Hi, and Merry Christmas. I'm honored to have the chance to speak with you and your family this year.

Recently, we learned that our governments, working in concert, have created a system of worldwide mass surveillance, watching everything we do.

Great Britain's George Orwell warned us of the danger of this kind of information. The types of collection in the book -- microphones and video cameras, TVs that watch us -- are nothing compared to what we have available today. We have sensors in our pockets that track us everywhere we go.

Think about what this means for the privacy of the average person. A child born today will grow up with no conception of privacy at all. They'll never know what it means to have a private moment to themselves -- an unrecorded, unanalyzed thought. And that's a problem, because privacy matters. Privacy is what allows us to determine who we are and who we want to be.

The conversation occurring today will determine the amount of trust we can place both in the technology that surrounds us and the government that regulates it. Together, we can find a better balance. End mass surveillance. And remind the government that if it really wants to know how we feel, asking is always cheaper than spying.

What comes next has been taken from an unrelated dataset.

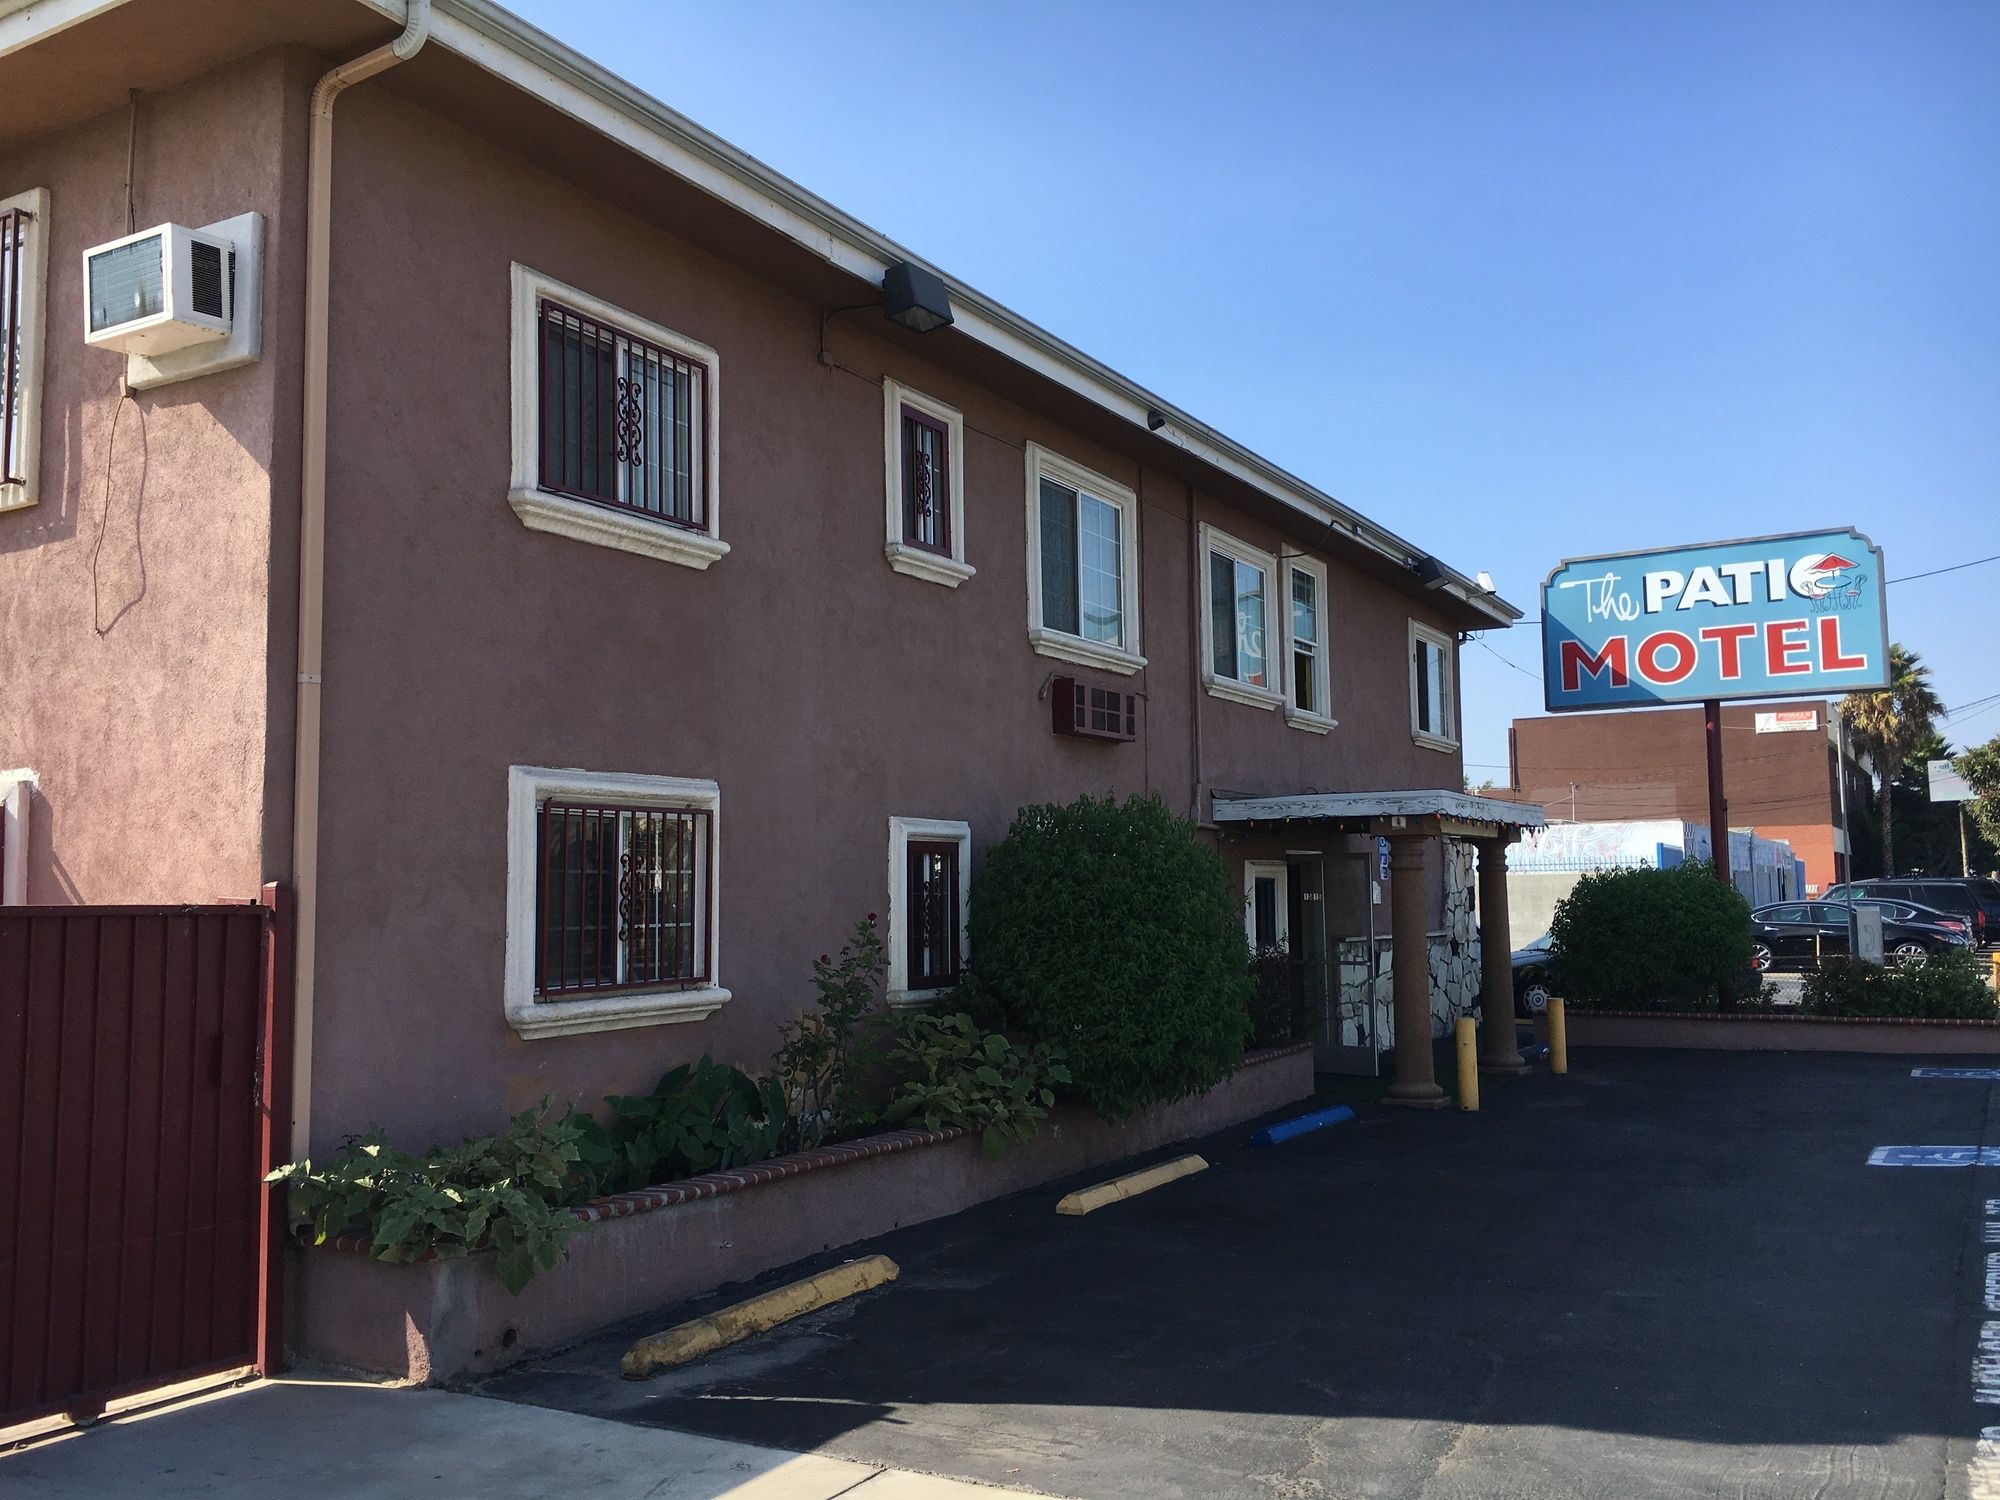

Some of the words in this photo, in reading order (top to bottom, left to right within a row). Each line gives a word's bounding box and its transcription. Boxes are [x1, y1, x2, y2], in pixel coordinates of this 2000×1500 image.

[1559, 572, 1640, 622] The
[1643, 553, 1843, 614] PATIO
[1559, 615, 1867, 692] MOTEL

For everyone out there listening, thank you, and Merry Christmas.

davej 12 years ago

> A child born today will grow up with no conception of privacy at all. They'll never know what it means to have a private moment to themselves -- an unrecorded, unanalyzed thought.

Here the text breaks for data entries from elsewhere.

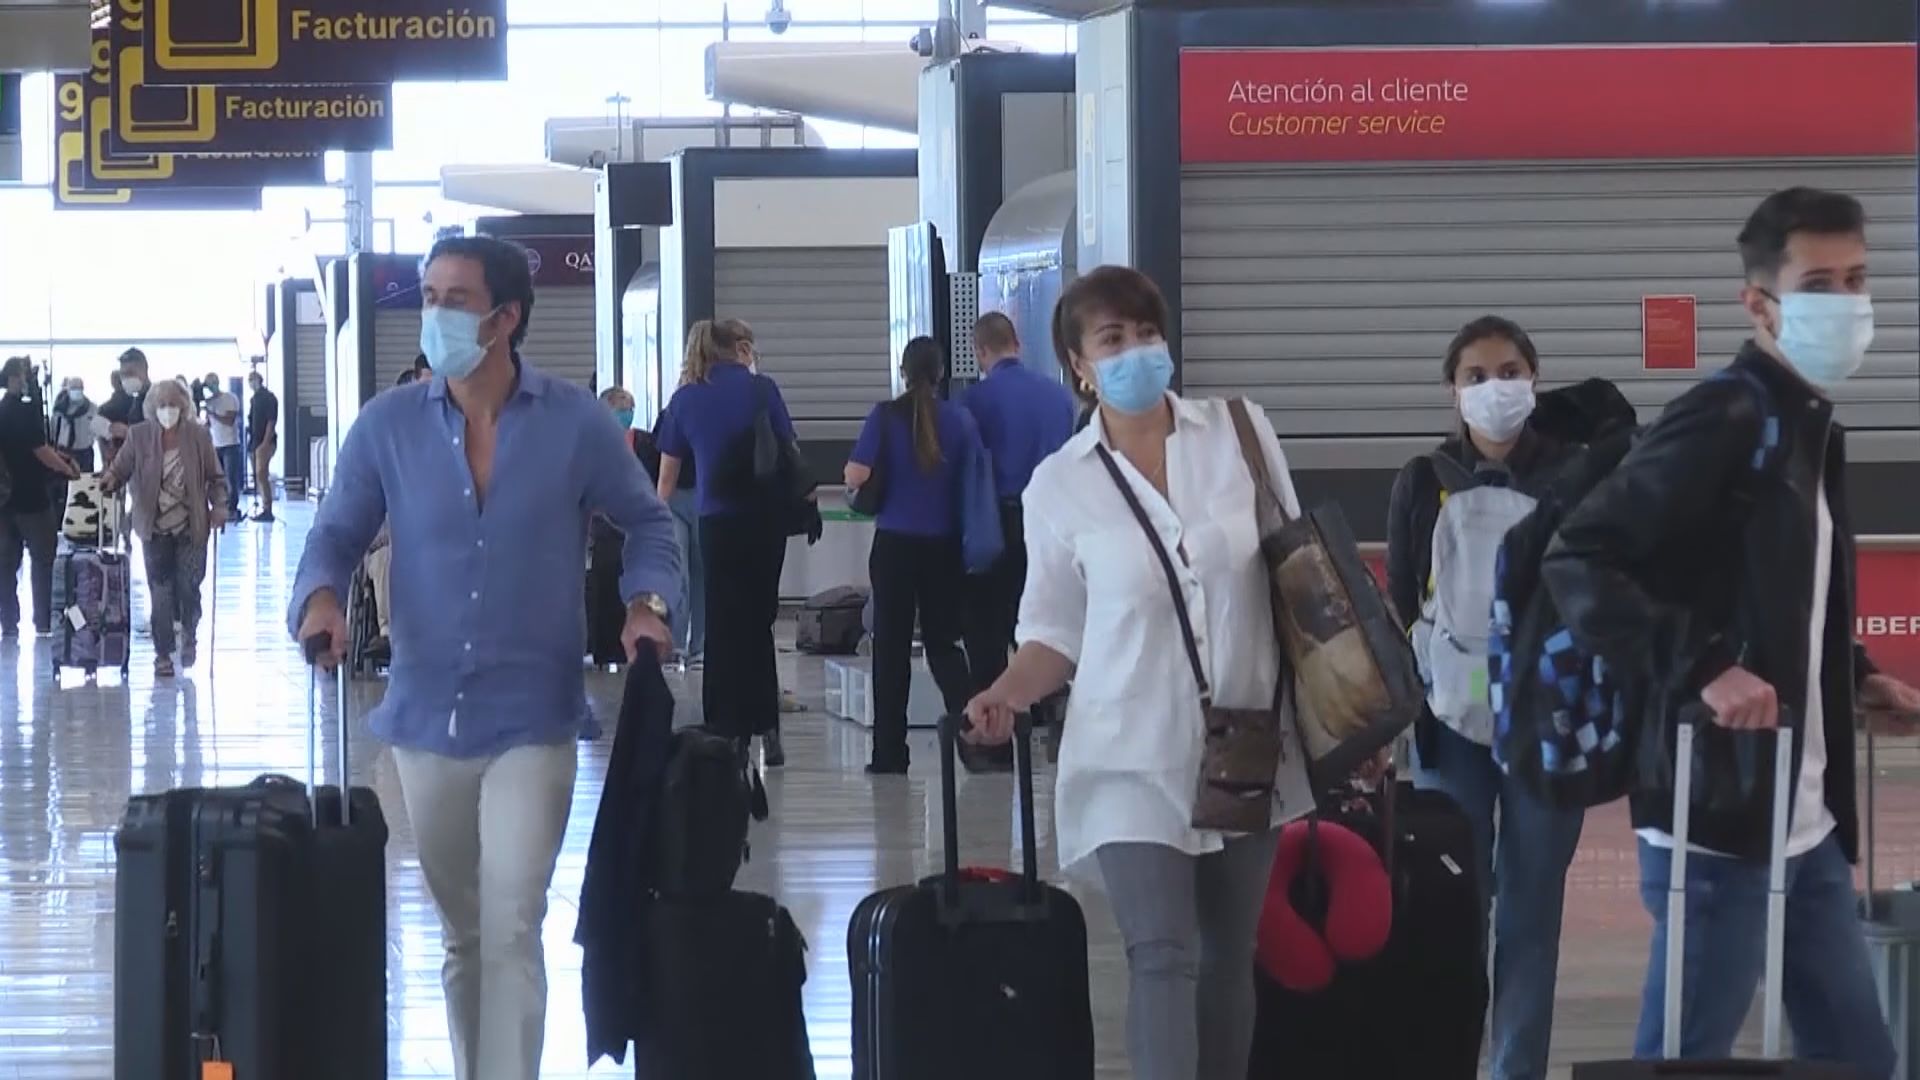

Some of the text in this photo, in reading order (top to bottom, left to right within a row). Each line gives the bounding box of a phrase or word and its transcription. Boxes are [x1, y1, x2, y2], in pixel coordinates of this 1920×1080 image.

[291, 8, 496, 40] Facturación
[58, 81, 83, 121] 9
[1228, 78, 1468, 103] Atención al cliente
[225, 94, 384, 119] Facturación
[1229, 110, 1445, 135] Customer service
[565, 252, 594, 269] QA

This is hyperbole and also it's just not true in any real sense. We can still have private moments and we can certainly still have "unrecorded, unanalyzed thoughts".

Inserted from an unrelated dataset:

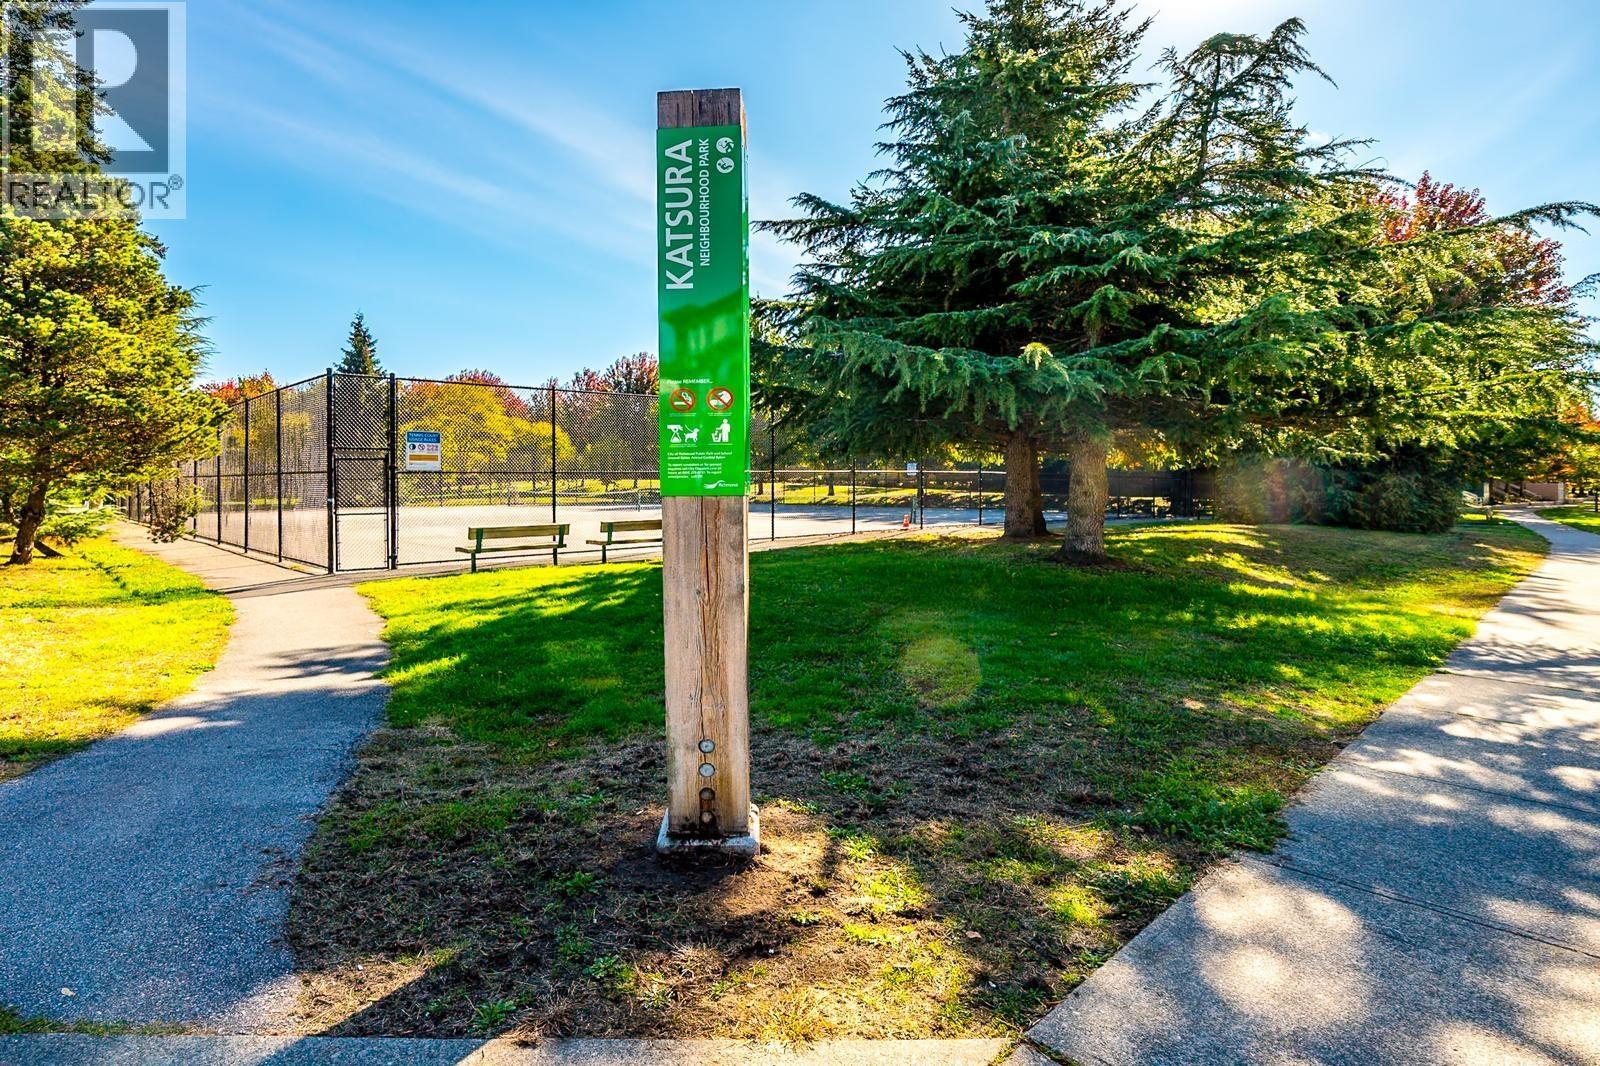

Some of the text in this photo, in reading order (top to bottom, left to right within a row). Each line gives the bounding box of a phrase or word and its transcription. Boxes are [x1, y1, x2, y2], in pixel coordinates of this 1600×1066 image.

I really wish Snowden wouldn't overstate the current state of affairs, the facts alone are enough.

  • lukifer 12 years ago

    He's also describing a cultural shift. While it may be hyperbolic, I think there's some truth to the notion that the Facebook generation thinks in terms of being public by default, possibly without even being aware of it, because it's so trivial for information to leak out into the world unless you jump through a lot of hoops to prevent it. There are fewer and fewer "secret gardens" left to children.

    I'd be very curious to hear from a millennial (or younger) on the subject; anyone Snowden's age or older is probably too far removed from the next generation to assess it well.

    • andrewfong 12 years ago

      Born in the 1980s, not sure if that makes me a millenial.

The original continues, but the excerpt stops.